For the topic of your assignment, choose one of the following:

  1. Sounds... familiar...

    Clustering is one of the key tasks in data mining. The task is easy: group things that are similar. Formally defining a meaningful measure for similarity is not so simple, as we typically have no idea what we are looking for, and even less of an idea of how things may be similar in the data we have. As a result there exist godzillian many similarity measures and clustering algorithms — each of which is claimed to somehow being much much 'better' than anything that already existed.

    Cilibrasi and Vitanyi define the ultimate clustering using Kolmogorov complexity [1] and it can be approximated using off-the-shelf compression algorithms: you only need to use a data compression algorithm that suits your data. Is the framework they propose as powerful as they claim? Does this make sense at all? Why and when (not)? Are there any hidden assumptions? Can you think of examples where this framework would not be so easy to apply, or not work at all?

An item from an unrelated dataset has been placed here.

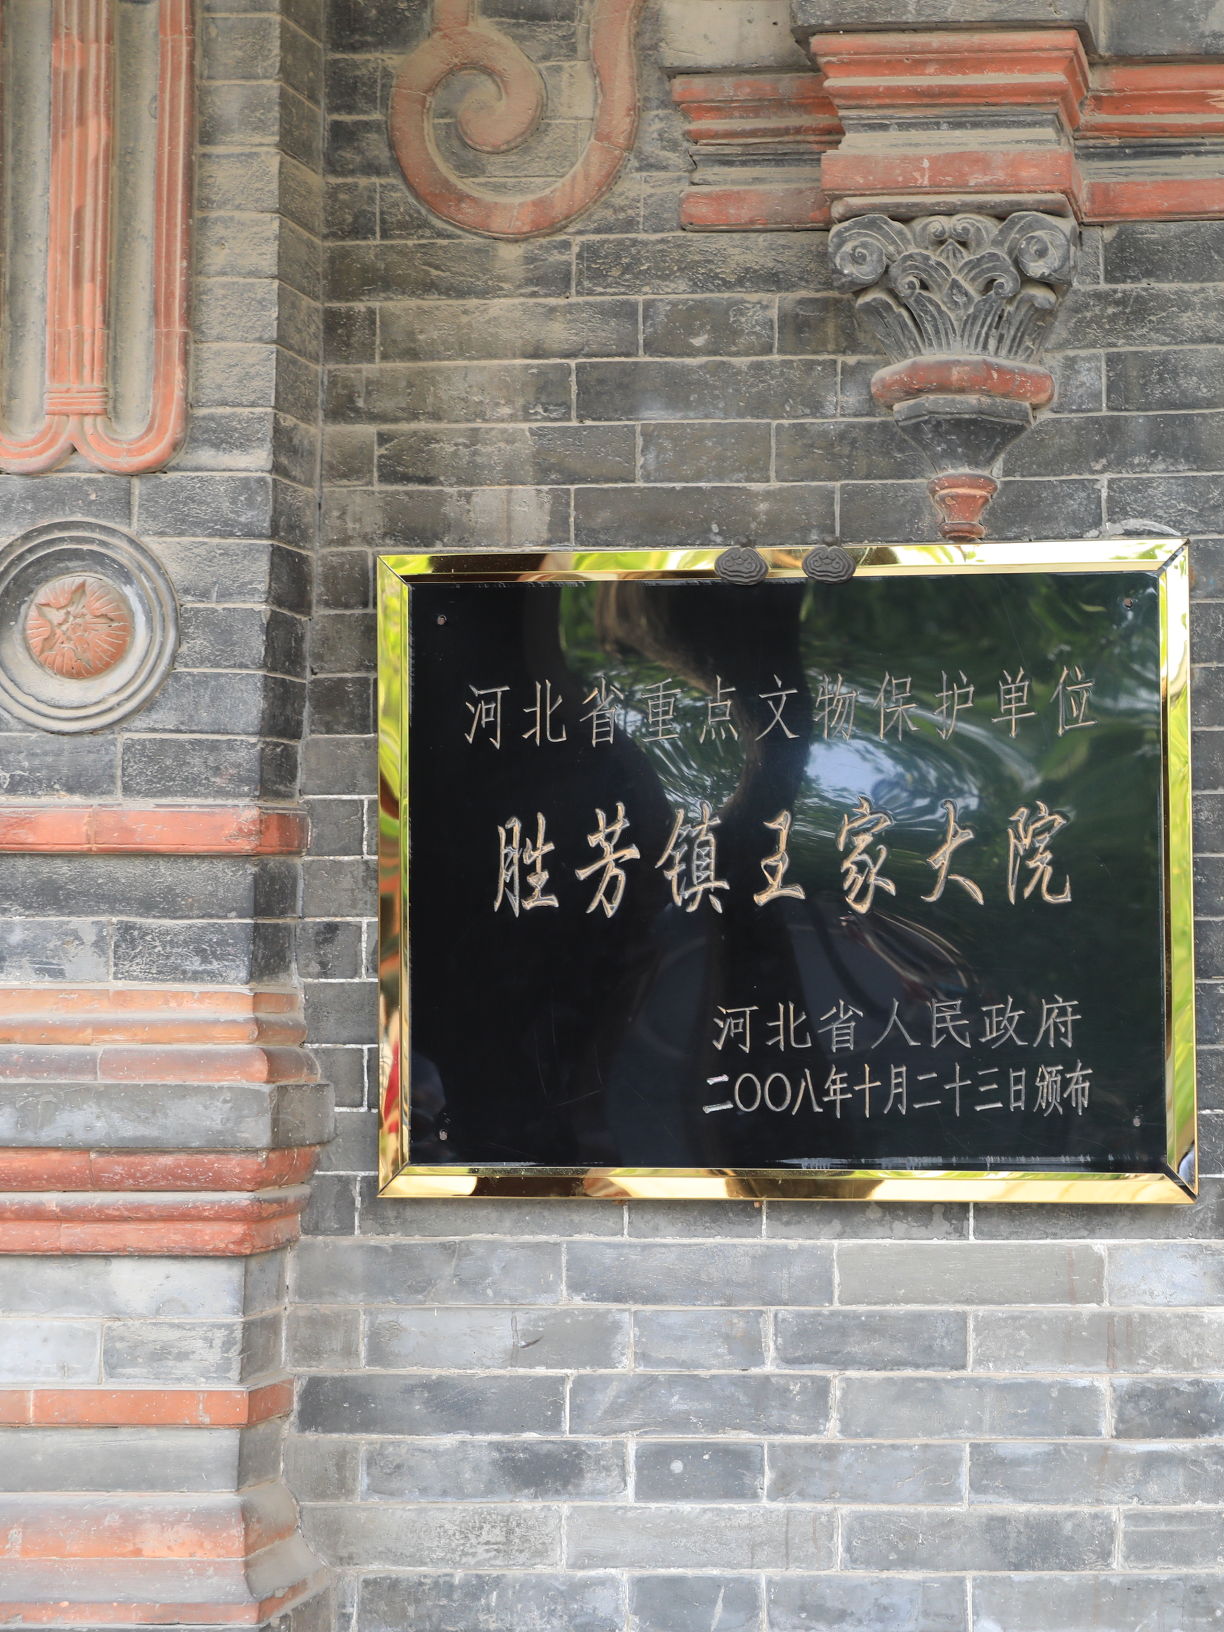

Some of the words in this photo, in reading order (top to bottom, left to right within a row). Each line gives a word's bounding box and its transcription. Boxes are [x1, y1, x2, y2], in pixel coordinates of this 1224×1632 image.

[464, 666, 1098, 749] 河北省重点文物保护单位
[494, 796, 1072, 918] 胜芳镇王家大院
[712, 995, 1083, 1053] 河北省人民政府

    Read [2]. What is the novelty of this paper w.r.t [1]? Are there key differences in the scores? What are the implications? How would you rate the novelty of this paper, what would you say is the key contribution?

    (Bonus) In a follow-up paper [3] Cilibrasi and Vitanyi propose to use Google as a `compression algorithm'. Does this make sense? Argue why (not).

  2. What's loss got to do with it?

    The Minimum Description Length (MDL) principle [4]. states that for meaningful inference from data your encoding should be lossless and efficient. That is, you should be able to completely reconstruct your data, and the encoding you use should not waste any bits. Why would loss be bad? What are the pitfalls (if any) for the 'generalized' MDL proposed by Lakshmanan et al. [5]?

    Many authors claiming to use MDL do in fact not use a lossless encoding nor an efficient encoding. Read Lucchese et al. [6] Closely investigate the encoding they use. Reason about the effect of the choices made in the encoding, what this means for the results and whether these correspond with the overall goals. If you find deficiencies, try to propose improvements.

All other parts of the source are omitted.